*** Data records Section Begins ***

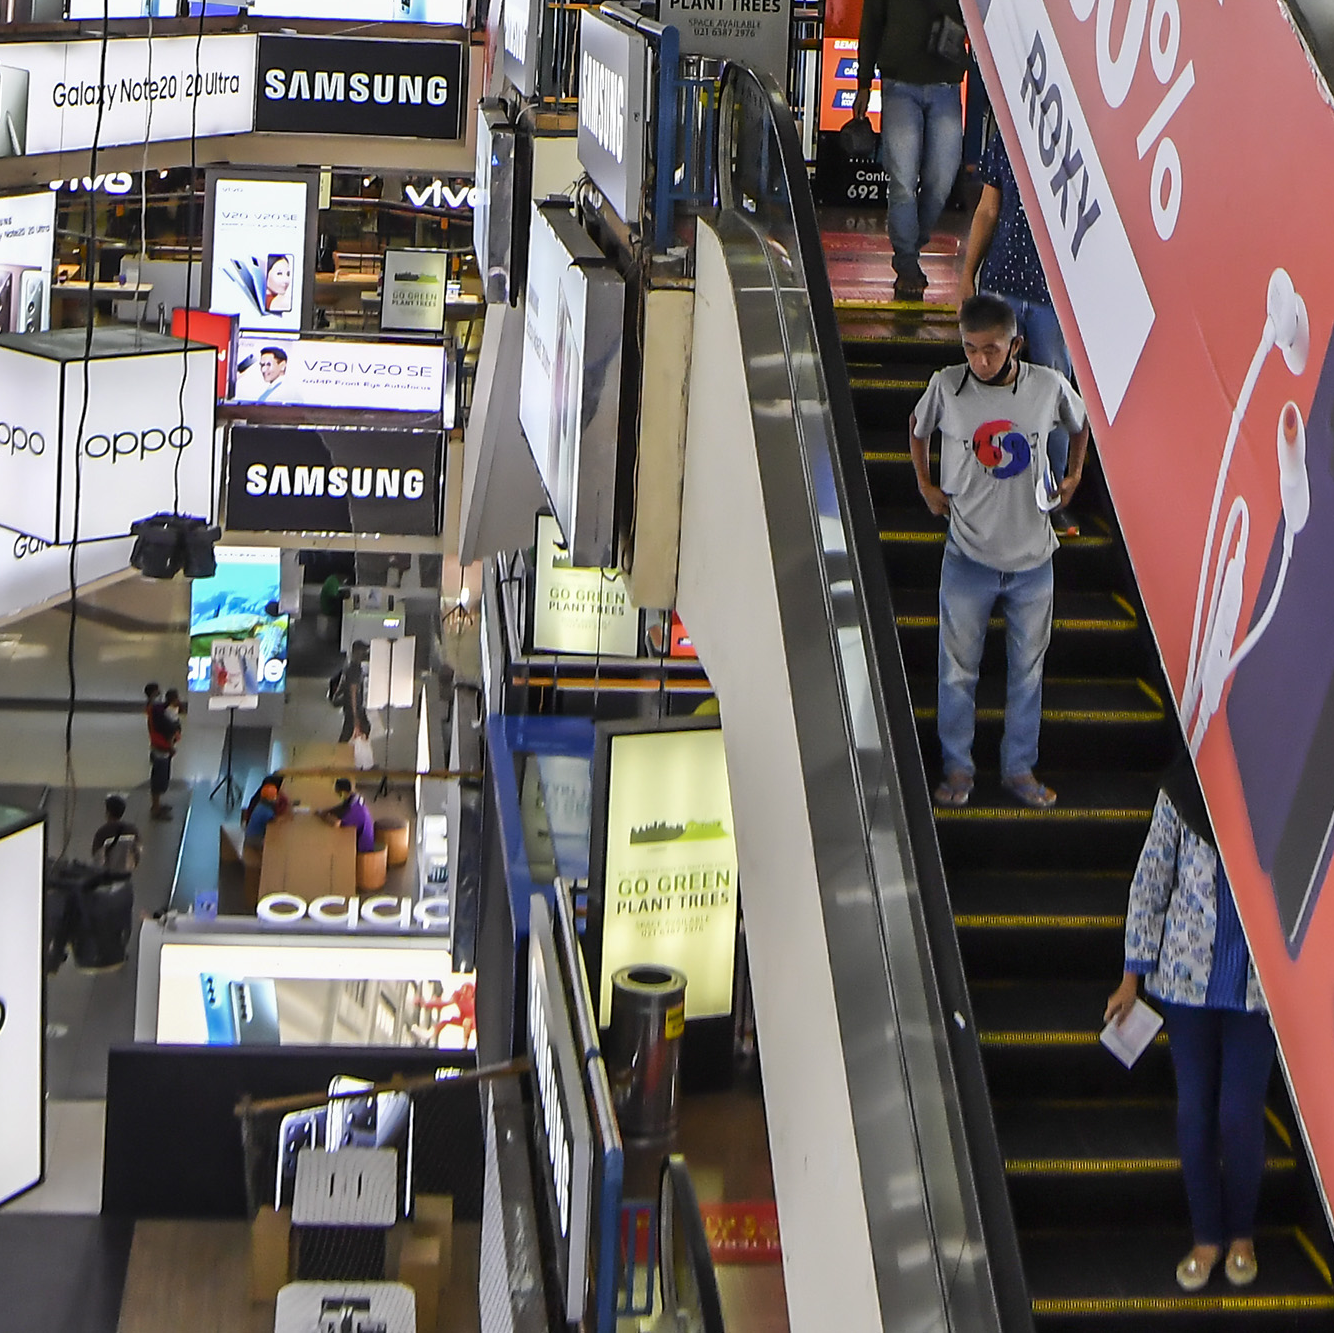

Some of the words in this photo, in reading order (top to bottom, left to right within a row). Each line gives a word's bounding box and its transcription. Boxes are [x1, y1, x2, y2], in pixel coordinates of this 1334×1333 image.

[688, 19, 714, 27] SPACE
[717, 20, 762, 29] AVAILABLE
[694, 28, 709, 36] 021
[734, 29, 756, 38] 2976
[52, 80, 118, 110] Galaxy
[120, 77, 177, 105] Note20
[204, 72, 240, 96] Ultra
[265, 69, 448, 106] SAMSUNG
[581, 50, 625, 164] SAMSUNG
[1020, 30, 1102, 262] ROXY
[847, 185, 879, 200] 692
[304, 360, 348, 374] V20
[358, 362, 402, 376] V20
[407, 365, 433, 377] SE
[85, 425, 193, 464] oppo
[246, 463, 425, 500] SAMSUNG
[549, 587, 572, 601] GO
[575, 588, 626, 604] GREEN
[549, 601, 585, 614] PLANT
[588, 603, 625, 616] TREES
[618, 877, 649, 897] GO
[657, 869, 730, 893] GREEN
[617, 896, 672, 915] PLANT
[678, 890, 730, 910] TREES
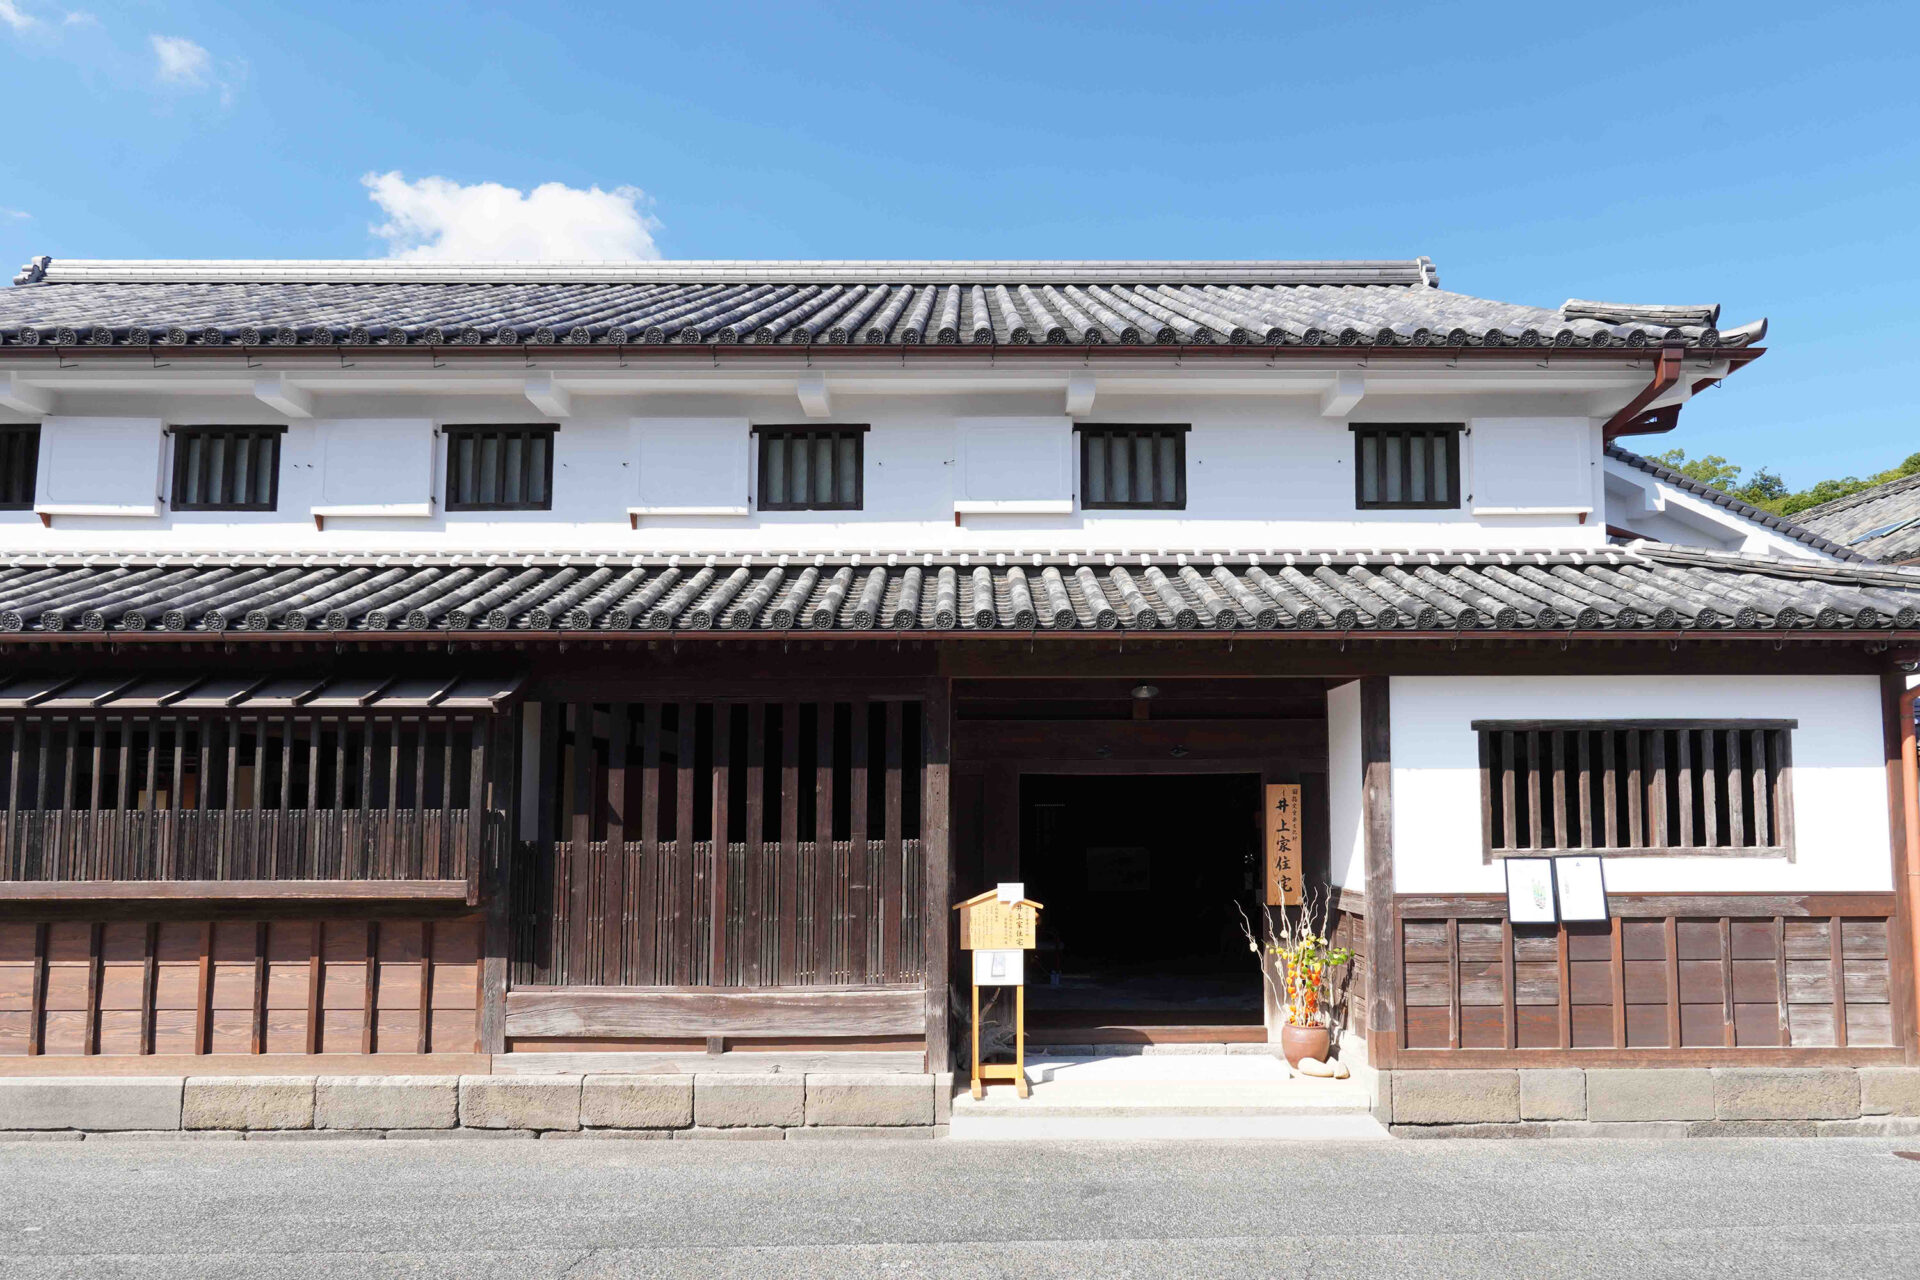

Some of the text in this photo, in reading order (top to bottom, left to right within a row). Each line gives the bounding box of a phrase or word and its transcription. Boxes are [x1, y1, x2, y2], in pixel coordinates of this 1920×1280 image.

[1275, 797, 1293, 893] 井上家住宅
[1016, 903, 1024, 946] 井上家住宅
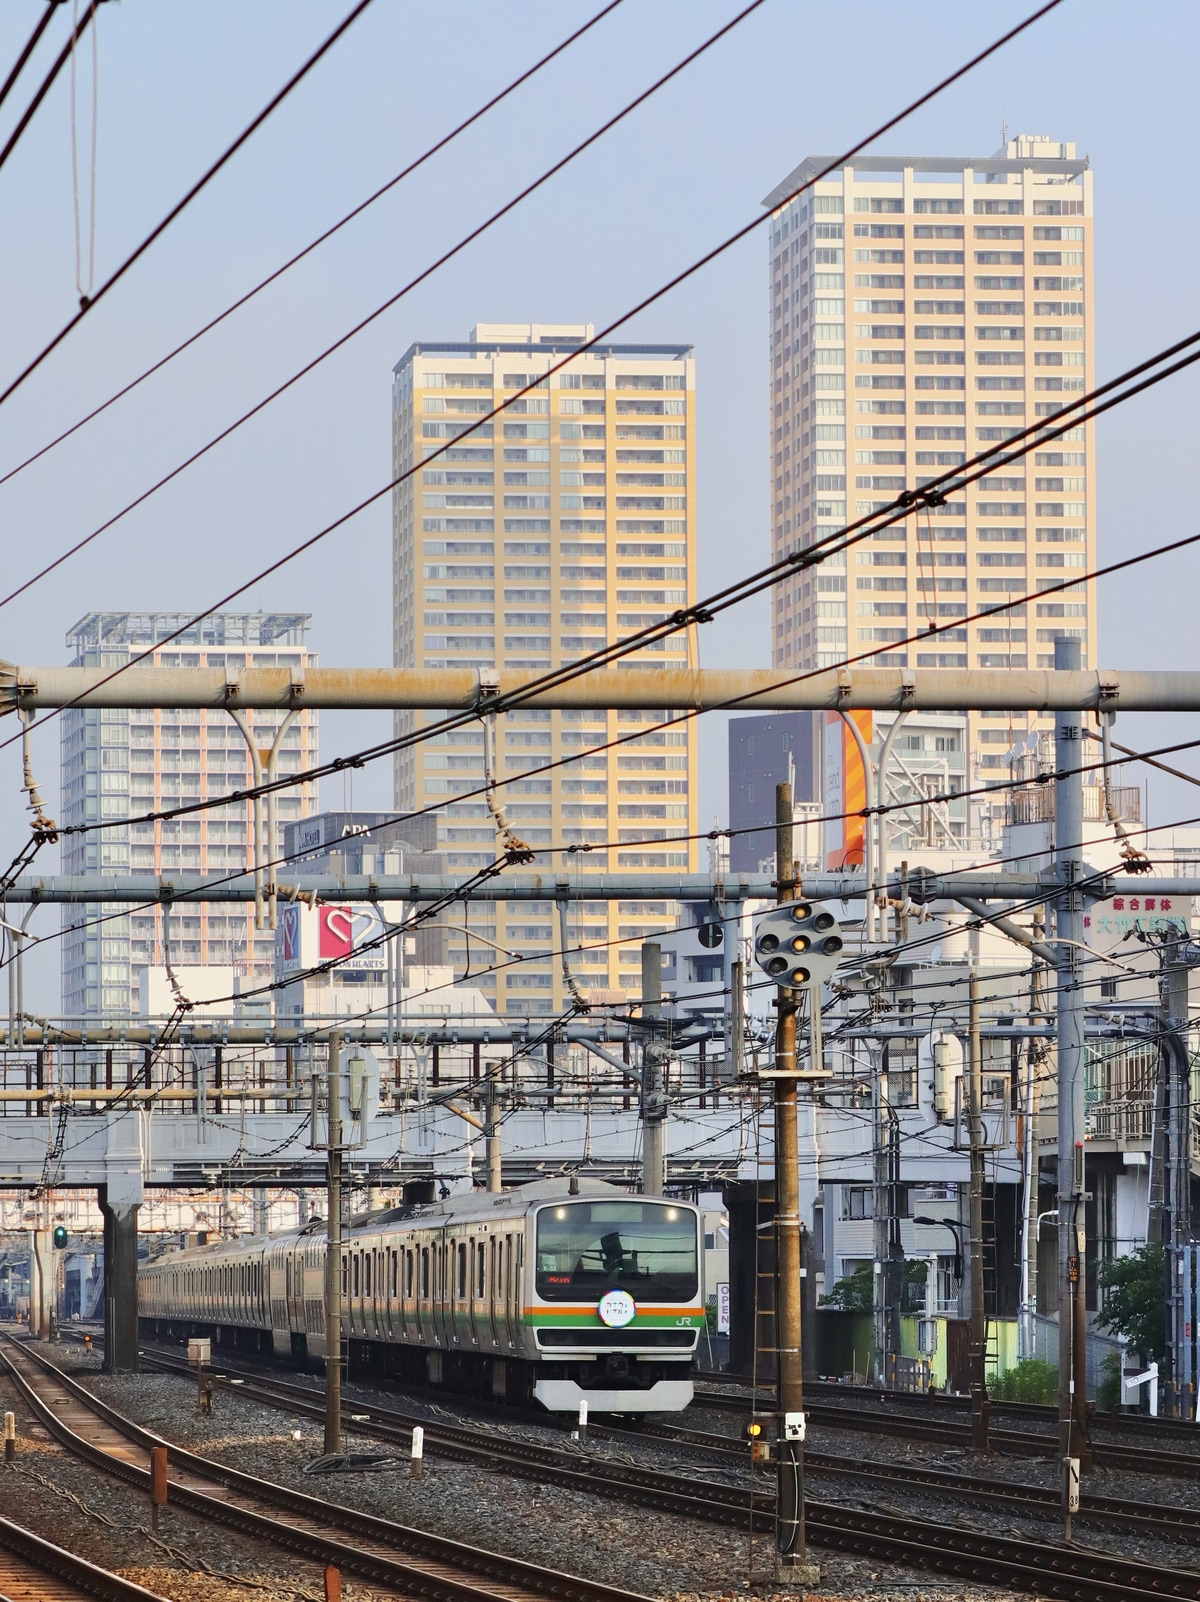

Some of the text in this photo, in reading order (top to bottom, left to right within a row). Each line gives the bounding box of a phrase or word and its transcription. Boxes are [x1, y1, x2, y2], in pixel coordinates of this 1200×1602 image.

[341, 824, 371, 837] APA
[720, 1285, 730, 1324] OPEN
[676, 1317, 691, 1326] JR

*** Data records Section Ends ***

Exercise directions. The reply must contain every entry above, exactly as written, and none of the pictures.

Answer box.
Some of the words in this photo, in reading order (top to bottom, left to right within a row). Each line gives a word's bounding box and its transcription. Boxes are [x1, y1, x2, y2], in pixel coordinates of this 1334×1333 image.

[688, 19, 714, 27] SPACE
[717, 20, 762, 29] AVAILABLE
[694, 28, 709, 36] 021
[734, 29, 756, 38] 2976
[52, 80, 118, 110] Galaxy
[120, 77, 177, 105] Note20
[204, 72, 240, 96] Ultra
[265, 69, 448, 106] SAMSUNG
[581, 50, 625, 164] SAMSUNG
[1020, 30, 1102, 262] ROXY
[847, 185, 879, 200] 692
[304, 360, 348, 374] V20
[358, 362, 402, 376] V20
[407, 365, 433, 377] SE
[85, 425, 193, 464] oppo
[246, 463, 425, 500] SAMSUNG
[549, 587, 572, 601] GO
[575, 588, 626, 604] GREEN
[549, 601, 585, 614] PLANT
[588, 603, 625, 616] TREES
[618, 877, 649, 897] GO
[657, 869, 730, 893] GREEN
[617, 896, 672, 915] PLANT
[678, 890, 730, 910] TREES

Some of the text in this photo, in reading order (top to bottom, left to right within a row). Each line gives the bounding box of a phrase or word and its transcription. Boxes are [x1, y1, x2, y2], in pixel coordinates of this 1920×1280 image.

[1275, 797, 1293, 893] 井上家住宅
[1016, 903, 1024, 946] 井上家住宅

Some of the text in this photo, in reading order (top to bottom, left to right within a row). Each line gives the bounding box of a phrase or word and its transcription. Boxes are [x1, y1, x2, y2], in pixel coordinates of this 1200×1602 image.

[341, 824, 371, 837] APA
[720, 1285, 730, 1324] OPEN
[676, 1317, 691, 1326] JR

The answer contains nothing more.